DATA FOR PROCESSING START
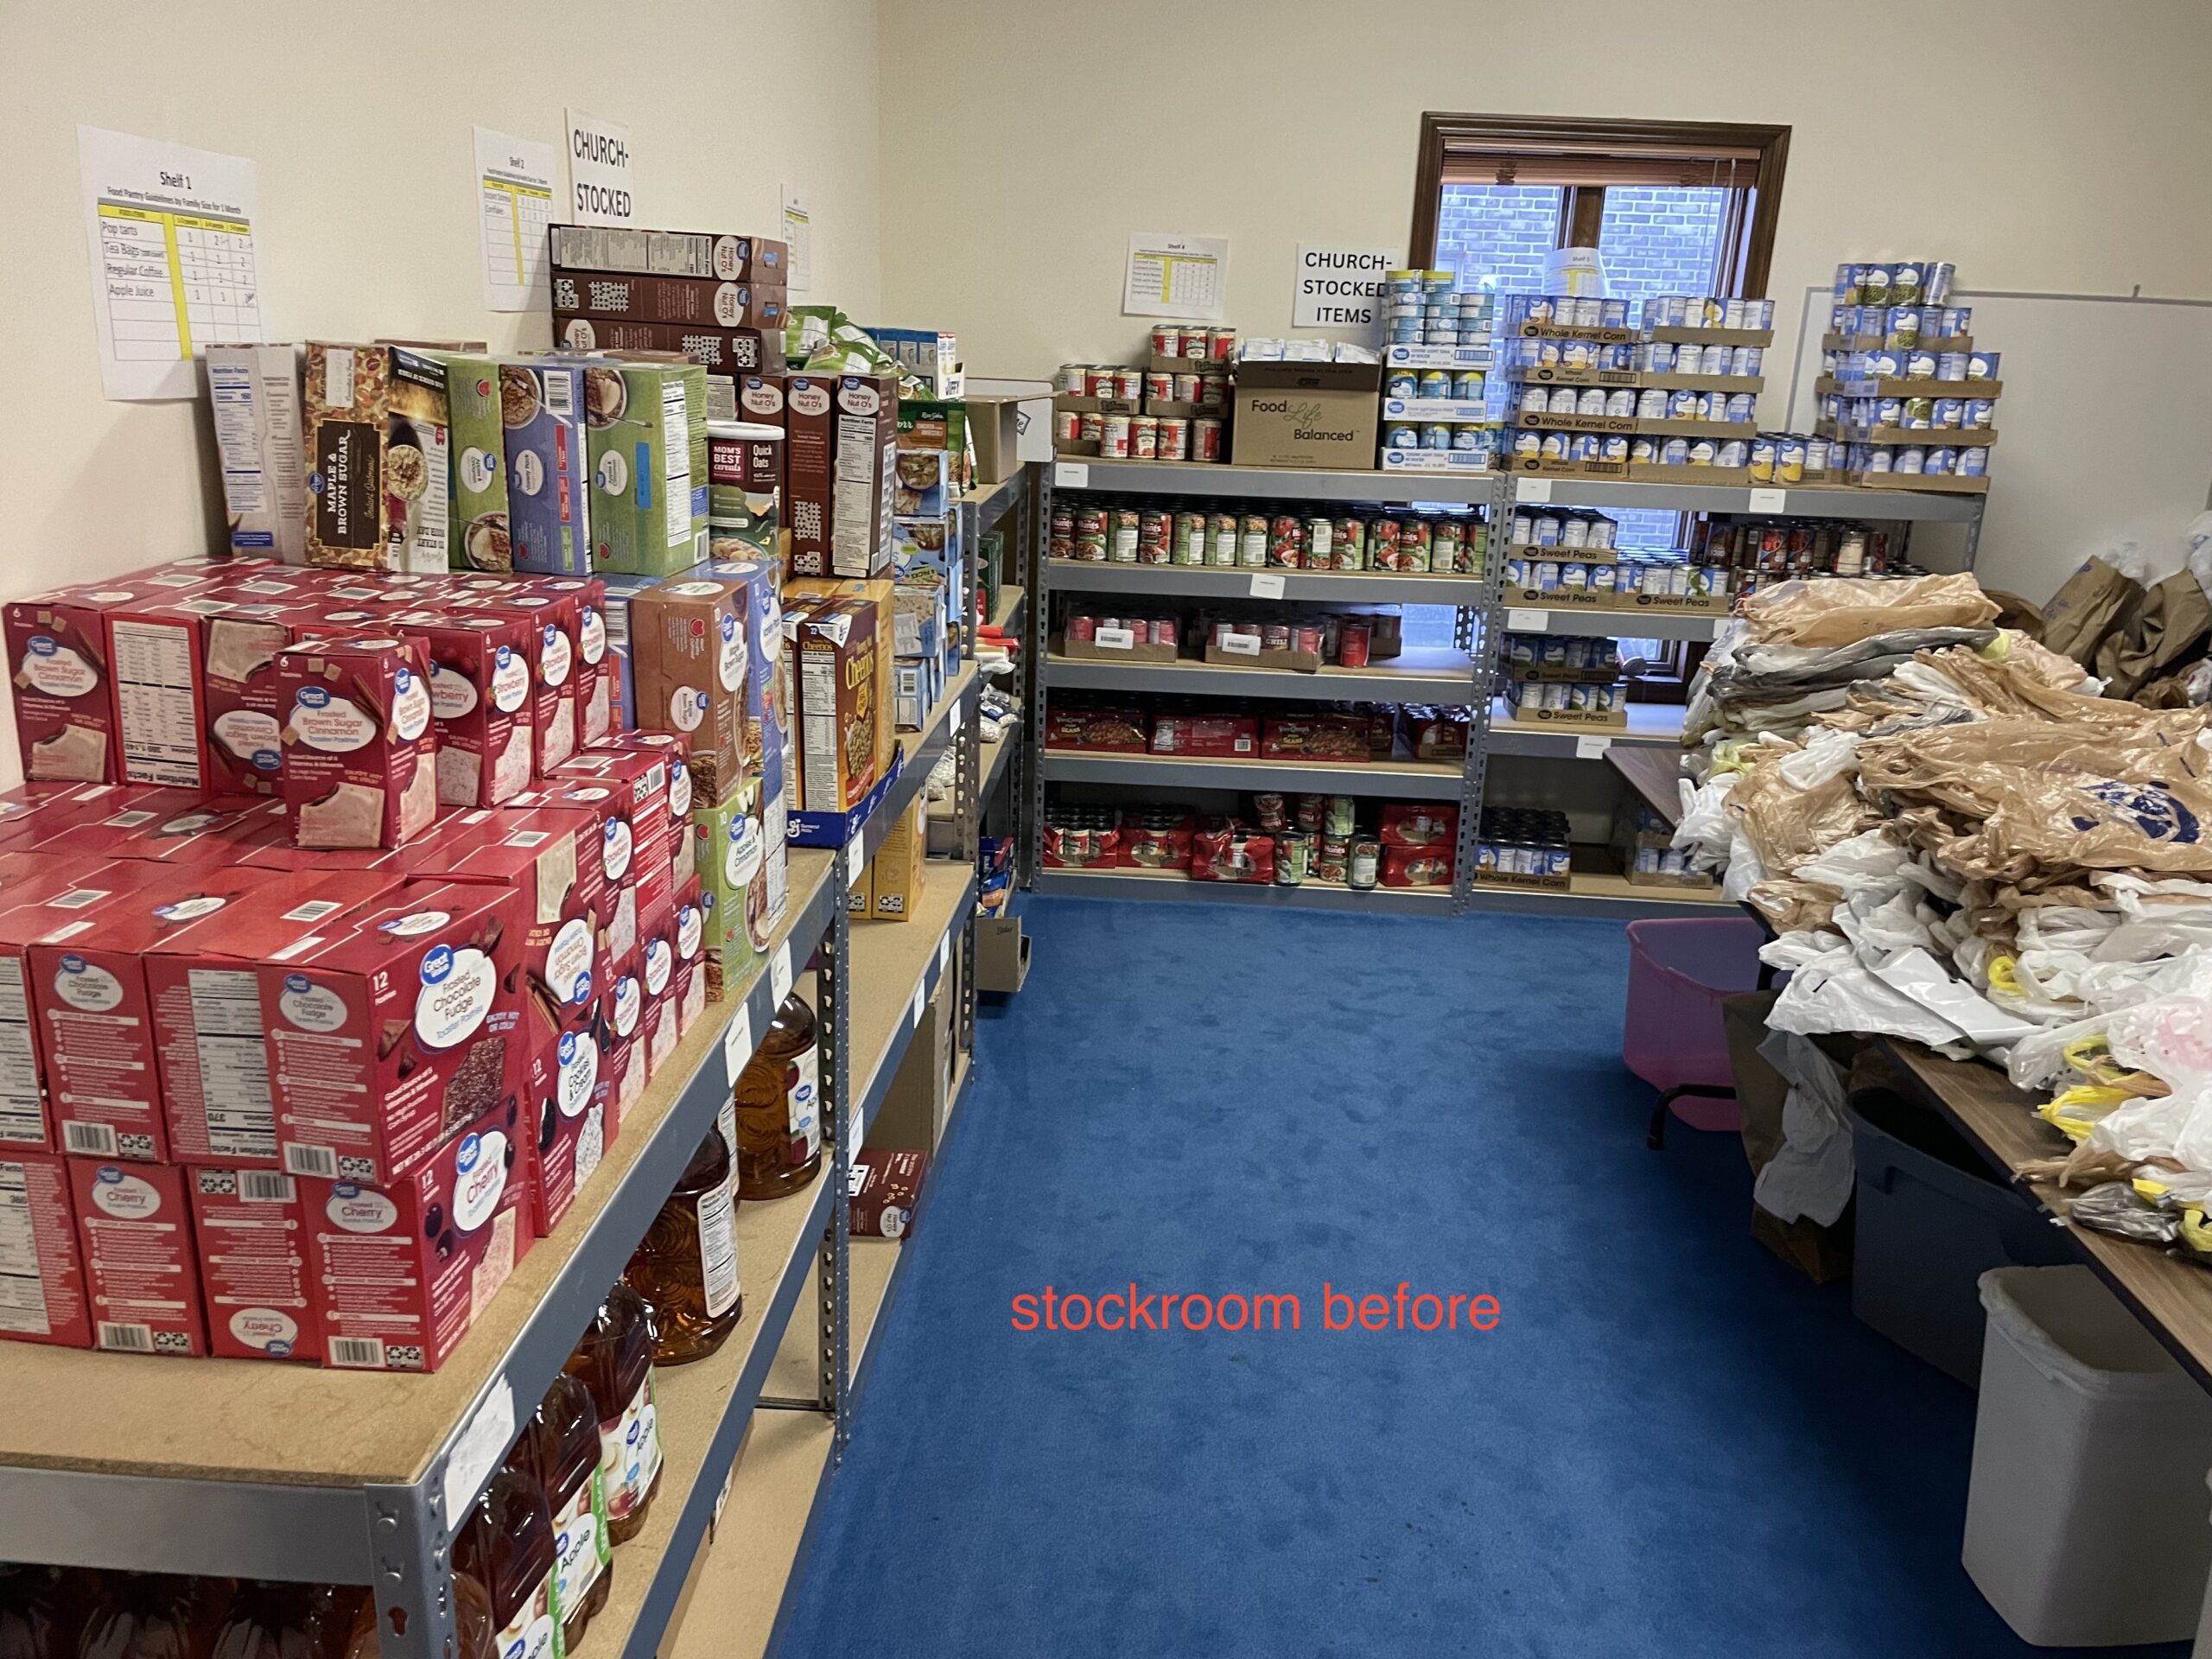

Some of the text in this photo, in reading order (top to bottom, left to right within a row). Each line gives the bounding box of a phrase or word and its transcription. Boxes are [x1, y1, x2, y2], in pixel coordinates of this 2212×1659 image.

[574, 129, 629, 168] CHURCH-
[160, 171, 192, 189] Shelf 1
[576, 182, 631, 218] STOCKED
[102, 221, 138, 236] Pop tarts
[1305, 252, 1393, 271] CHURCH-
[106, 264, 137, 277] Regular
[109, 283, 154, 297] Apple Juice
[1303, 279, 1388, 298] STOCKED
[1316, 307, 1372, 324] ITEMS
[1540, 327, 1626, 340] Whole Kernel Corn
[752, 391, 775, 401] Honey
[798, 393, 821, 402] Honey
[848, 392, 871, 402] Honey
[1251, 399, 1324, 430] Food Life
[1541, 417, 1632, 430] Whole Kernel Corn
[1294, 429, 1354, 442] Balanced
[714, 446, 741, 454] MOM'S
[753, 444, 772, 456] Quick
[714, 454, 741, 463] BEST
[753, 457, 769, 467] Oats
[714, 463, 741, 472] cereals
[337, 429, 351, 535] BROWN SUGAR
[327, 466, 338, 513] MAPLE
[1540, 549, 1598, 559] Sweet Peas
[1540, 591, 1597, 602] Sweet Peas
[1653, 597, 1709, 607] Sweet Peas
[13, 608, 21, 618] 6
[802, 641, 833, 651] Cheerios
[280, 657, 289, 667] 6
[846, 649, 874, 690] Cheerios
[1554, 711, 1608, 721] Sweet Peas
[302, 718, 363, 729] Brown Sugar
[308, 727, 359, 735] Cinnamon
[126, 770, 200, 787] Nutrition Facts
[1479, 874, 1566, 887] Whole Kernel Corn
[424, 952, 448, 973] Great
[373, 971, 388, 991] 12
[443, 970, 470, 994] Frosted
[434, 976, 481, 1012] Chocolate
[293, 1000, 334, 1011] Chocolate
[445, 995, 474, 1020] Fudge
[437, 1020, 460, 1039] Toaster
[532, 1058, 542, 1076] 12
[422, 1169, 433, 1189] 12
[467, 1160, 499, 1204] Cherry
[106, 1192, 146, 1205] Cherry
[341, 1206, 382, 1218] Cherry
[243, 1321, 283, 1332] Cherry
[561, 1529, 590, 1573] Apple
DATA FOR PROCESSING END
## WHAT YOU NEED TO DO
Take the listing above and retype it exactly. Its pictures are to be omitted.

## EXERCISE RESPONSE
Some of the text in this photo, in reading order (top to bottom, left to right within a row). Each line gives the bounding box of a phrase or word and its transcription. Boxes are [x1, y1, x2, y2], in pixel coordinates of this 2212×1659 image.

[574, 129, 629, 168] CHURCH-
[160, 171, 192, 189] Shelf 1
[576, 182, 631, 218] STOCKED
[102, 221, 138, 236] Pop tarts
[1305, 252, 1393, 271] CHURCH-
[106, 264, 137, 277] Regular
[109, 283, 154, 297] Apple Juice
[1303, 279, 1388, 298] STOCKED
[1316, 307, 1372, 324] ITEMS
[1540, 327, 1626, 340] Whole Kernel Corn
[752, 391, 775, 401] Honey
[798, 393, 821, 402] Honey
[848, 392, 871, 402] Honey
[1251, 399, 1324, 430] Food Life
[1541, 417, 1632, 430] Whole Kernel Corn
[1294, 429, 1354, 442] Balanced
[714, 446, 741, 454] MOM'S
[753, 444, 772, 456] Quick
[714, 454, 741, 463] BEST
[753, 457, 769, 467] Oats
[714, 463, 741, 472] cereals
[337, 429, 351, 535] BROWN SUGAR
[327, 466, 338, 513] MAPLE
[1540, 549, 1598, 559] Sweet Peas
[1540, 591, 1597, 602] Sweet Peas
[1653, 597, 1709, 607] Sweet Peas
[13, 608, 21, 618] 6
[802, 641, 833, 651] Cheerios
[280, 657, 289, 667] 6
[846, 649, 874, 690] Cheerios
[1554, 711, 1608, 721] Sweet Peas
[302, 718, 363, 729] Brown Sugar
[308, 727, 359, 735] Cinnamon
[126, 770, 200, 787] Nutrition Facts
[1479, 874, 1566, 887] Whole Kernel Corn
[424, 952, 448, 973] Great
[373, 971, 388, 991] 12
[443, 970, 470, 994] Frosted
[434, 976, 481, 1012] Chocolate
[293, 1000, 334, 1011] Chocolate
[445, 995, 474, 1020] Fudge
[437, 1020, 460, 1039] Toaster
[532, 1058, 542, 1076] 12
[422, 1169, 433, 1189] 12
[467, 1160, 499, 1204] Cherry
[106, 1192, 146, 1205] Cherry
[341, 1206, 382, 1218] Cherry
[243, 1321, 283, 1332] Cherry
[561, 1529, 590, 1573] Apple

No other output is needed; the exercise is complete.